Она наклонила голову набок, призадумавшись.
— Мне кажется, лучшее украшение для девочки — ее волосы. У тебя они чудесные, так зачем портить их чем-то еще?
Нянька всегда очень внимательно относилась к моим волосам, полоскала их в ароматизированной дождевой воде и расчесывала гребнями из слоновой кости. Она научила меня гордиться своими косами, но сегодня вечером мне очень хотелось выглядеть необычно.
— Но что-то должно выделять нас, царскую семью. Мои сестры…
— Твои сестры постарше, им так подобает. Когда тебе будет семнадцать или пятнадцать, как Беренике, ты тоже сможешь носить подобные вещи.
— Пожалуй, ты права.
Я сделала вид, будто согласилась, и дала ей расчесать мои волосы, прибрать их назад и скрепить заколкой, после чего невинно сказала:
— Все хорошо, только вот лоб какой-то голый, нет даже ленты. Скромный узкий обруч — вот что было бы в самый раз.
Она рассмеялась.
— Дитя, дитя, дитя! Какая же ты у меня неуемная! — Я видела, что она готова смягчиться. — Может быть, очень маленький золотой обруч. Но пусть он весь вечер напоминает тебе о том, что ты царевна.
— Конечно, — пообещала я. — Я не сделаю ничего неподобающего. Даже если римлянин рыгнет или украдет золотую ложку, спрятав ее в салфетку, я сделаю вид, будто ничего не заметила.
— Ты вполне можешь увидеть, как они крадут ложки, — согласилась нянька. — Римляне так жадны до золота, что при виде него у них слюнки текут. Хорошо еще, что золотые дворцовые украшения слишком велики — не завернуть в складку тоги. Не то поутру мы бы многого недосчитались.
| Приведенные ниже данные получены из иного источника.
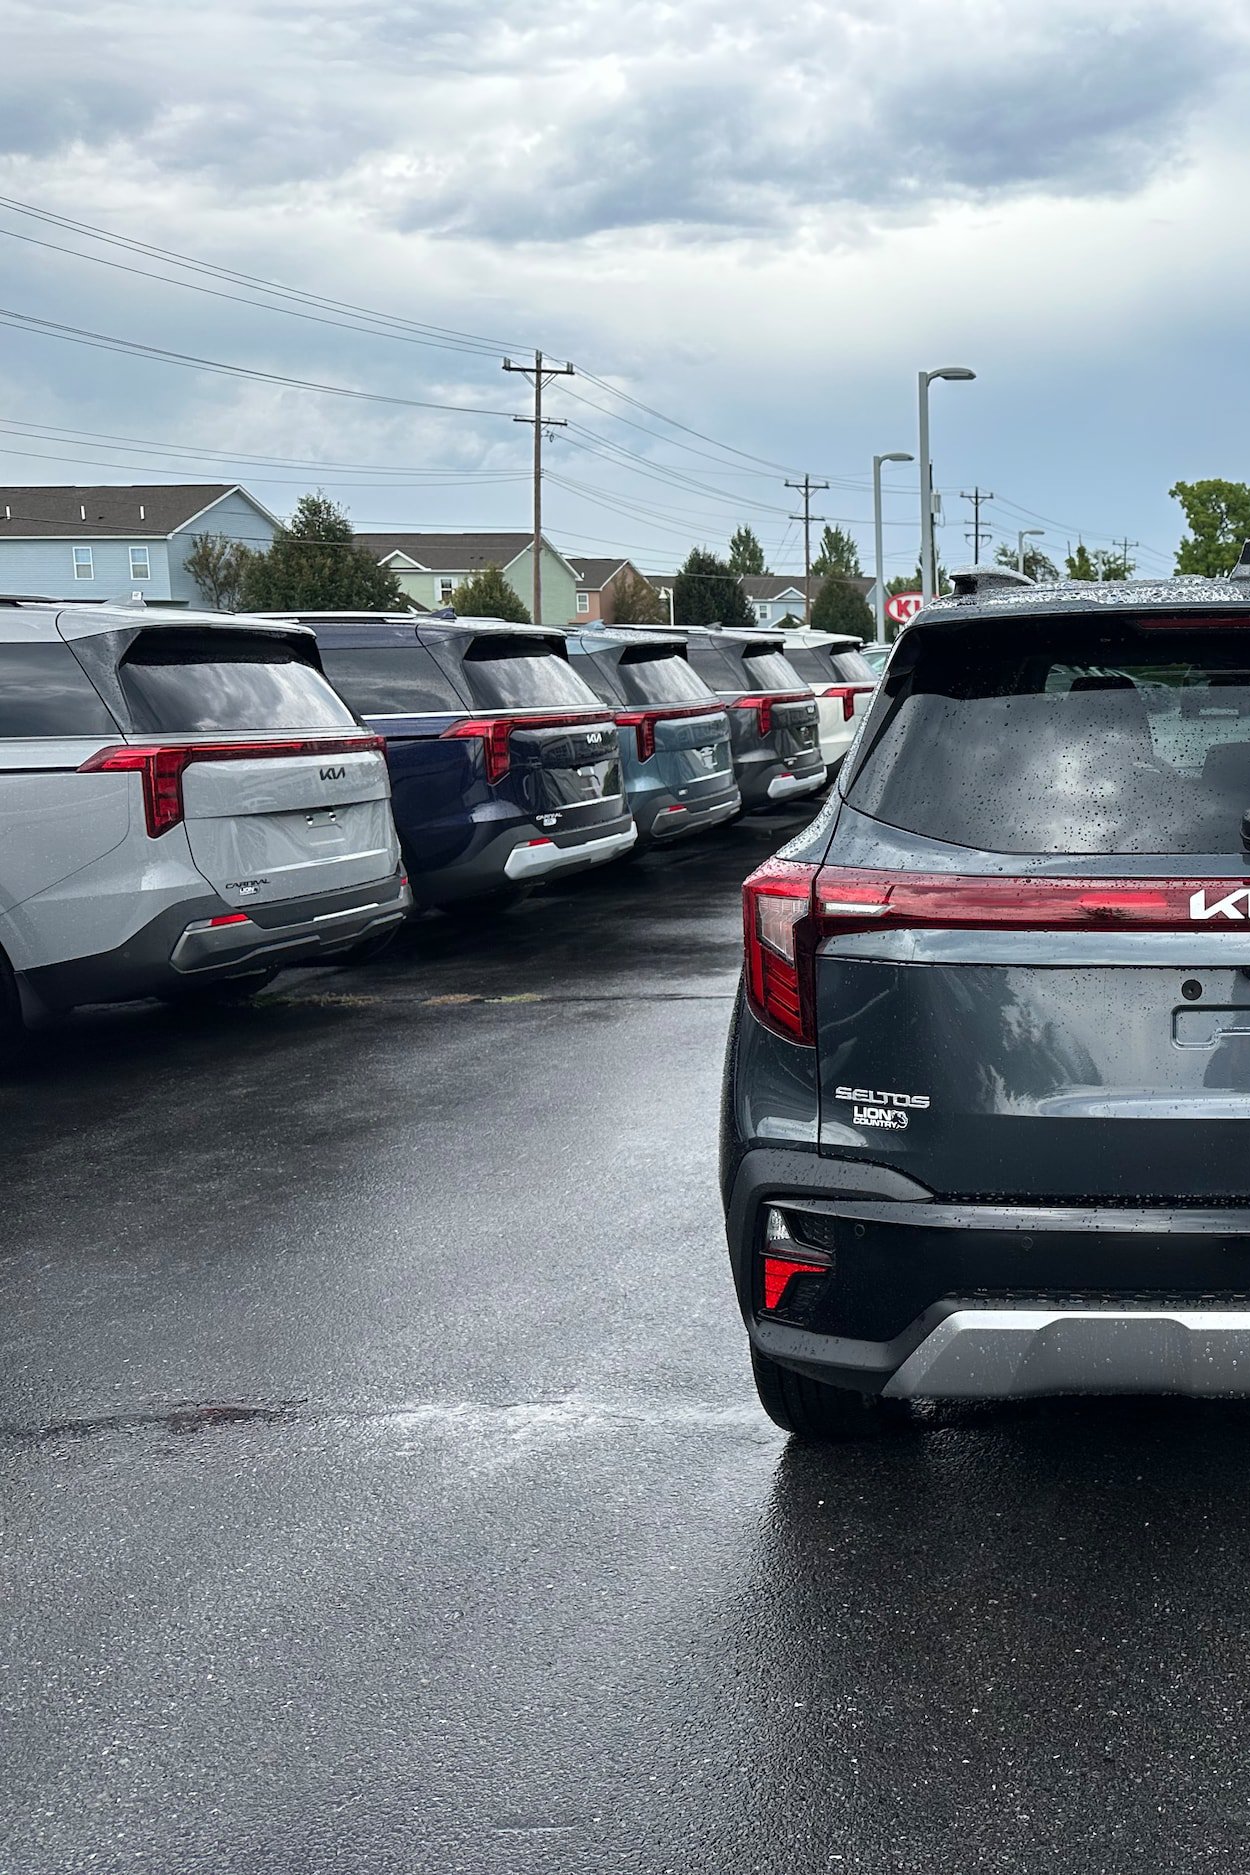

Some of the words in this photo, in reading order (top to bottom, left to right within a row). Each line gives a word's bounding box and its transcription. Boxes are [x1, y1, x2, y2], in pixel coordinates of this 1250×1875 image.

[835, 1086, 931, 1109] SELTOS
[853, 1105, 892, 1121] LION
[853, 1117, 899, 1129] COUNTRY
В пиршественном зале дворца мне доводилось бывать и раньше, но только когда он был пуст. Огромный зал занимал целое здание от стены до стены (сам царский дворцовый комплекс включал в себя множество строений) и открывался в сторону внутренней гавани, куда спускались широкие ступени. Он всегда казался мне блестящей пещерой. Когда я пробегала по залу, мое отражение множилось на полированных плитах полов и рядах колонн. Потолок терялся в тени высоко-высоко.